Dataset excerpts
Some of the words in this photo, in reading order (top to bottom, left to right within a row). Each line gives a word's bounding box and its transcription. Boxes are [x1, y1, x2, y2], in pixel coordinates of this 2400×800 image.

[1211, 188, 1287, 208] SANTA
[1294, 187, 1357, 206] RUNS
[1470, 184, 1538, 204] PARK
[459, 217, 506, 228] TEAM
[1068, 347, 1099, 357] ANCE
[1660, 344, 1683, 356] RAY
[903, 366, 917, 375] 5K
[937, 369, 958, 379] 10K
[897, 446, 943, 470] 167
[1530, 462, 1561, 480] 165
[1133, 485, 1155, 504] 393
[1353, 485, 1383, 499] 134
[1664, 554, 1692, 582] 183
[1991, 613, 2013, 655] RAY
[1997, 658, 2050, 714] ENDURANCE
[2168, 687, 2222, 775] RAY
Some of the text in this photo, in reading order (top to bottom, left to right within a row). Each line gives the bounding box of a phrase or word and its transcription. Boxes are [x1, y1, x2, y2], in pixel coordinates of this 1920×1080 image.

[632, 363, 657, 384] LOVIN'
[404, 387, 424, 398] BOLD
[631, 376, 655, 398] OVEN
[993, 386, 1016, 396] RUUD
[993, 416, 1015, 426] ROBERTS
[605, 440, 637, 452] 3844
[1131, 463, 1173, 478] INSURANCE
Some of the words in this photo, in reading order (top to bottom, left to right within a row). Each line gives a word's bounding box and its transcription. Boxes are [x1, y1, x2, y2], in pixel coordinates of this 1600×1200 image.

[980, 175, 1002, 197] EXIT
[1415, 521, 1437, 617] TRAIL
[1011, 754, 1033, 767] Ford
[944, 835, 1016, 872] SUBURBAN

» **PROMPT**
All of the lines above must be returned exactly.

» **SOLUTION BELOW**
Some of the words in this photo, in reading order (top to bottom, left to right within a row). Each line gives a word's bounding box and its transcription. Boxes are [x1, y1, x2, y2], in pixel coordinates of this 2400×800 image.

[1211, 188, 1287, 208] SANTA
[1294, 187, 1357, 206] RUNS
[1470, 184, 1538, 204] PARK
[459, 217, 506, 228] TEAM
[1068, 347, 1099, 357] ANCE
[1660, 344, 1683, 356] RAY
[903, 366, 917, 375] 5K
[937, 369, 958, 379] 10K
[897, 446, 943, 470] 167
[1530, 462, 1561, 480] 165
[1133, 485, 1155, 504] 393
[1353, 485, 1383, 499] 134
[1664, 554, 1692, 582] 183
[1991, 613, 2013, 655] RAY
[1997, 658, 2050, 714] ENDURANCE
[2168, 687, 2222, 775] RAY
Some of the text in this photo, in reading order (top to bottom, left to right within a row). Each line gives the bounding box of a phrase or word and its transcription. Boxes are [x1, y1, x2, y2], in pixel coordinates of this 1920×1080 image.

[632, 363, 657, 384] LOVIN'
[404, 387, 424, 398] BOLD
[631, 376, 655, 398] OVEN
[993, 386, 1016, 396] RUUD
[993, 416, 1015, 426] ROBERTS
[605, 440, 637, 452] 3844
[1131, 463, 1173, 478] INSURANCE
Some of the words in this photo, in reading order (top to bottom, left to right within a row). Each line gives a word's bounding box and its transcription. Boxes are [x1, y1, x2, y2], in pixel coordinates of this 1600×1200 image.

[980, 175, 1002, 197] EXIT
[1415, 521, 1437, 617] TRAIL
[1011, 754, 1033, 767] Ford
[944, 835, 1016, 872] SUBURBAN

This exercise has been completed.